Тайная боль
Куда пропадают пациенты, которым нужна пересадка
В прошлом году в России было сделано 1696 трансплантаций костного мозга (ТКМ). Это в четыре–семь раз меньше, чем требуется,— оценки даются разные, но никто не сомневается, что трансплантаций слишком мало. ТКМ — операция для спасения жизни, с ней нельзя медлить. Нехватка должна быть очевидна, выражаться в тысячах смертей в год. Почему же ее не замечают?
Русфонд много занимается помощью детям, болеющим раком крови, им нередко требуется ТКМ. Истории таких детей имеют одну общую черту: их болезнь вначале могут принимать за что угодно — анемию, синдром хронической усталости, воспаление легких, только не за лейкоз. До постановки правильного диагноза, особенно вдали от больших городов, могут пройти месяцы. Дети, если им нужна трансплантация, обычно все-таки добираются до медицинского центра, где ее могут сделать. Организационные проблемы на этом не кончаются: как известно, государство оплачивает только саму пересадку, но не берет на себя расходы на поиск донора и покупку некоторых лекарств. Но детей все-таки оперируют. Со взрослыми иначе.
По данным Московского научно-исследовательского онкологического института имени П. А. Герцена, в России в 2017 году было зарегистрировано около 29 тыс. новых случаев заболеваний лимфатической и кроветворной ткани, то есть около 20 на 100 тыс. жителей. Европейская статистика — 34 заболевших на 100 тыс. Дело не в крепком здоровье россиян. Как сказано в одном из исследований острых лейкозов, проведенном в НМИЦ гематологии (Москва), «регистрируемая в России заболеваемость отличается от расчетных показателей, исходя из численности населения и заболеваемости в европейских странах, приблизительно в два раза. При этом число умерших от лейкозов в два раза больше. Несоответствие заболеваемости и смертности можно объяснить неполной прижизненной диагностикой и низкой выживаемостью больных, не попадающих в специализированные профильные отделения и учреждения».
Многие пациенты просто не идут к врачу.
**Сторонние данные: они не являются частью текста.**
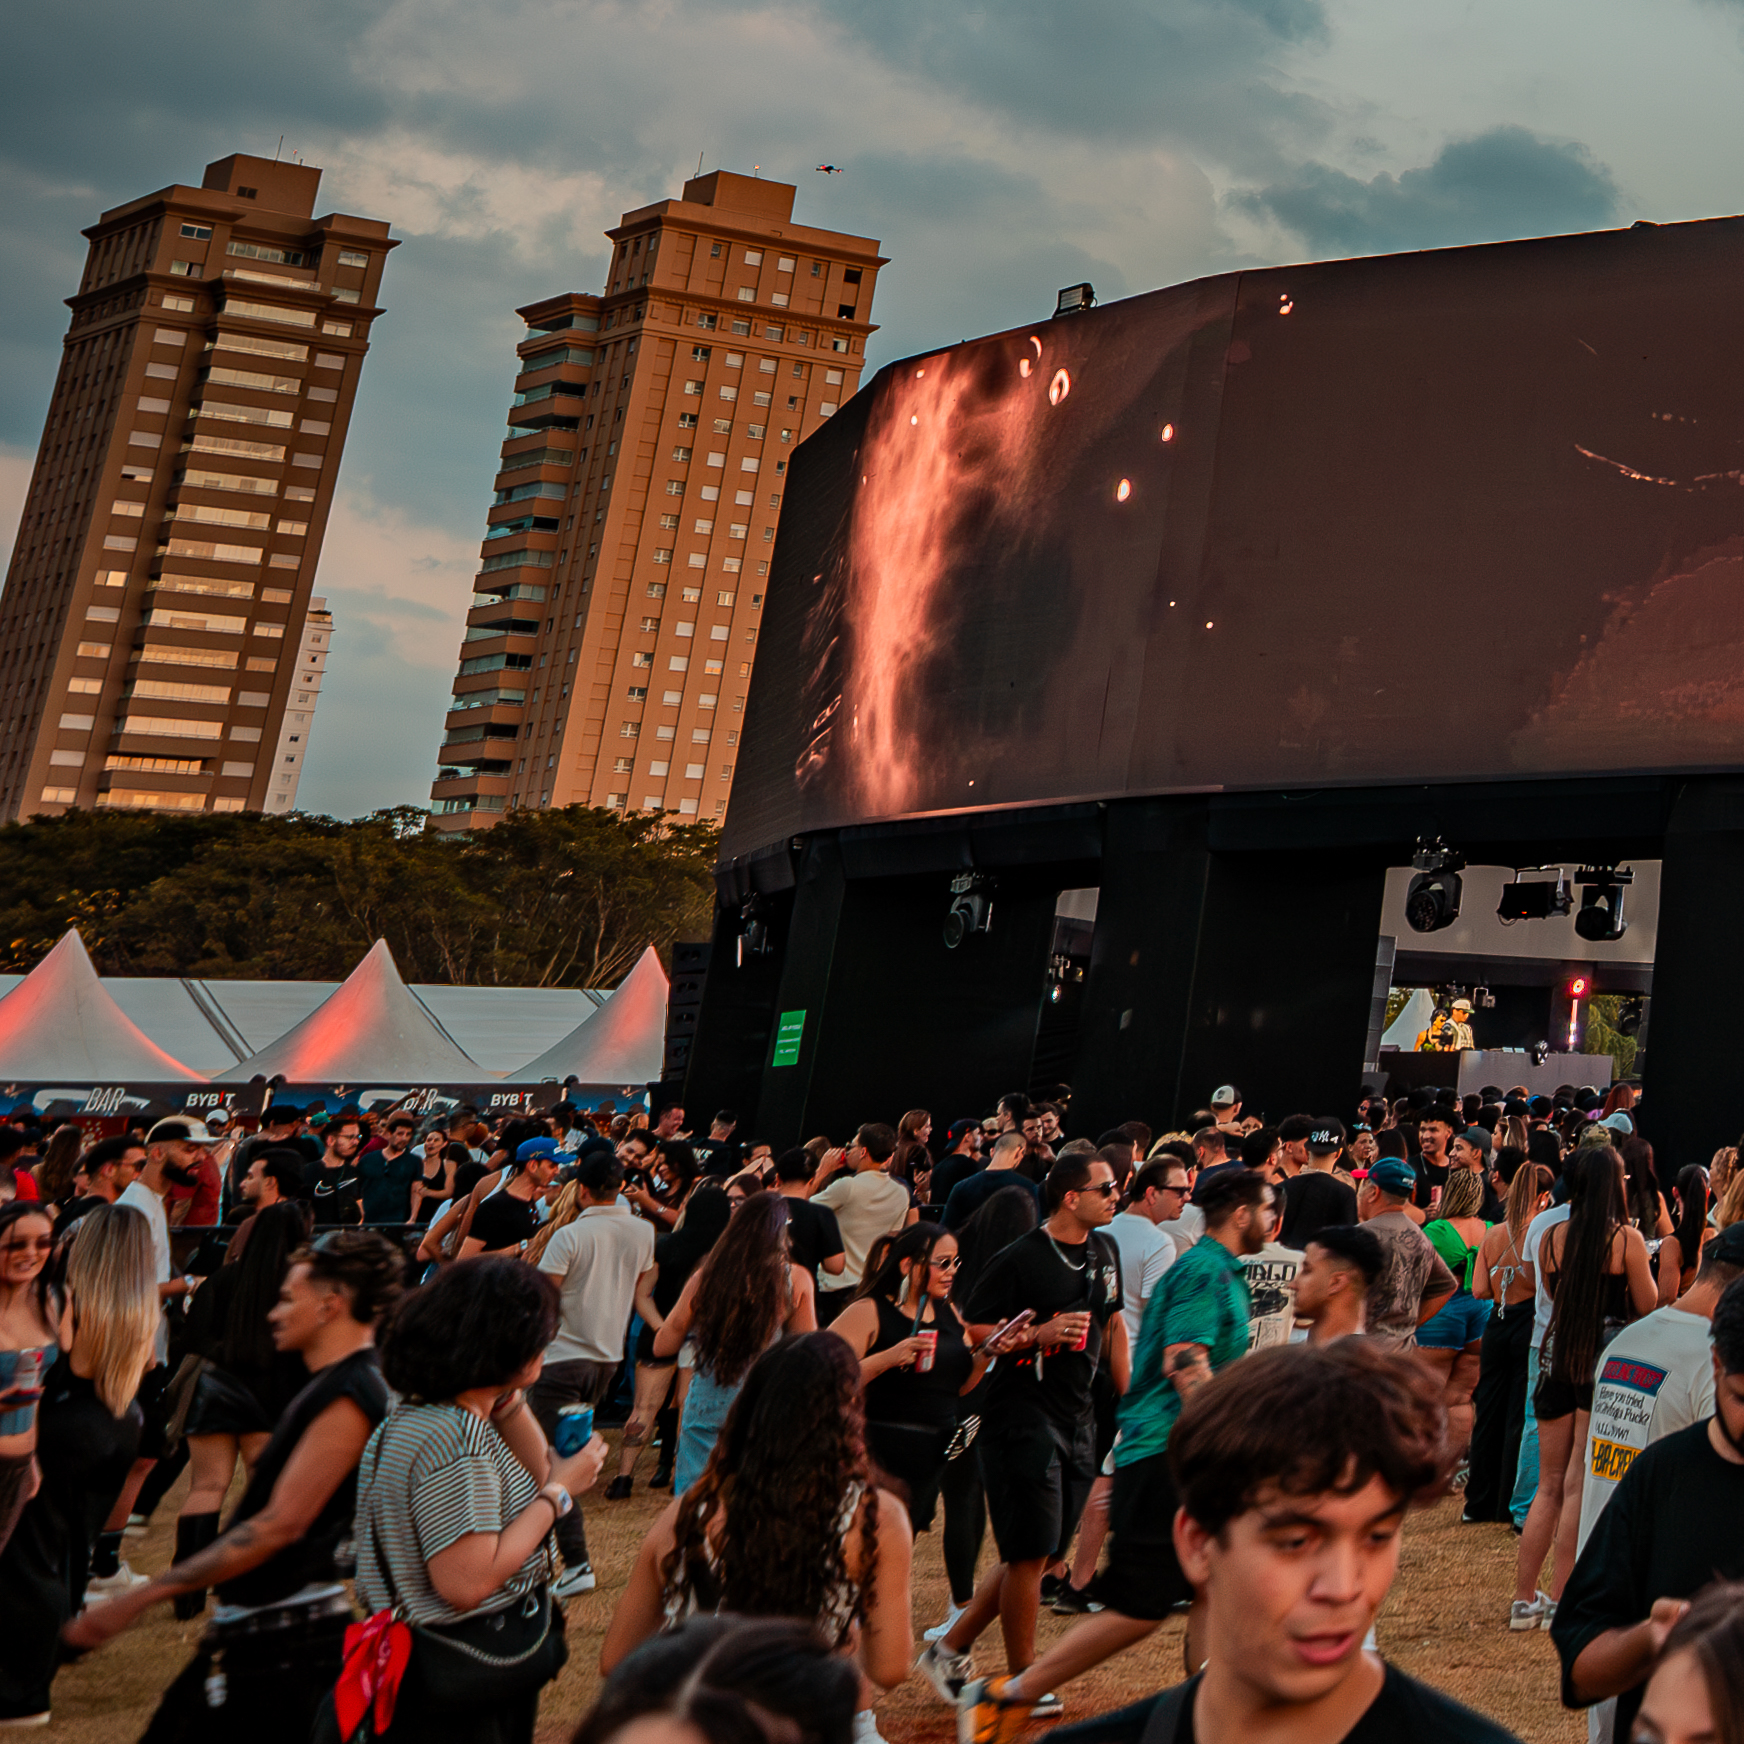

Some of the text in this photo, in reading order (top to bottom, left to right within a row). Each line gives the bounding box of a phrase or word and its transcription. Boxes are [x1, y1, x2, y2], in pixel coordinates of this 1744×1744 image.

Но и визит в клинику не гарантирует, что дальше все пойдет как надо. «В некоторых случаях на местах назначается неправильное лечение, и потом можно сделать хоть три трансплантации, это уже не поможет»,— говорит сотрудник НМИЦ гематологии. «От врачей в регионах многое зависит,— считает директор петербургского Института детской онкологии, гематологии и трансплантологии имени Горбачевой Борис Афанасьев.— Например, миеломная болезнь, некоторые лимфомы: ТКМ тут золотой стандарт. Но многие врачи этим не пользуются. У нас только 10–15% миеломных больных подвергаются трансплантации». Играет свою роль и бюрократия. Кроме того, не для всех болезней, лечение которых требует ТКМ, предусмотрены государственные квоты. Например, пока не квотируется миелофиброз, говорит Афанасьев: «И вот так набираются факторы — особенности мышления пациентов и врачей, ситуация в регионах, размеры страны».
«Пациент должен быть правильно обследован до приезда в федеральный центр, чтобы потом не тратить на это время,— говорит один из гематологов, гематолог НМИЦ имени Алмазова (Санкт-Петербург).— Бывает, например, что больному острым миелобластным лейкозом не сделали вовремя цитогенетику, а приехал он к нам в состоянии ремиссии, когда группу риска не определить. И мы не знаем, показана ли ему ТКМ». «Если говорить о трансплантации в целом, то, наверное, количество больных, у которых есть показания для нее, в 10, в 20 раз больше. Потому что сейчас фантастические успехи в этой области»,— сказал директор НМИЦ гематологии Валерий Савченко на одном из совещаний у вице-премьера Татьяны Голиковой.
Вот так и получается, что нуждающиеся в трансплантации отсеиваются по пути в больницы, даже не узнав, что могли бы спастись. Тысячи погибших ежегодно. По статистике Европейского общества по трансплантации костного мозга (EBMT), в большинстве стран Европы в 2017 году было сделано не меньше 500 ТКМ на 10 млн человек. В России в 2018-м — чуть больше сотни на 10 млн.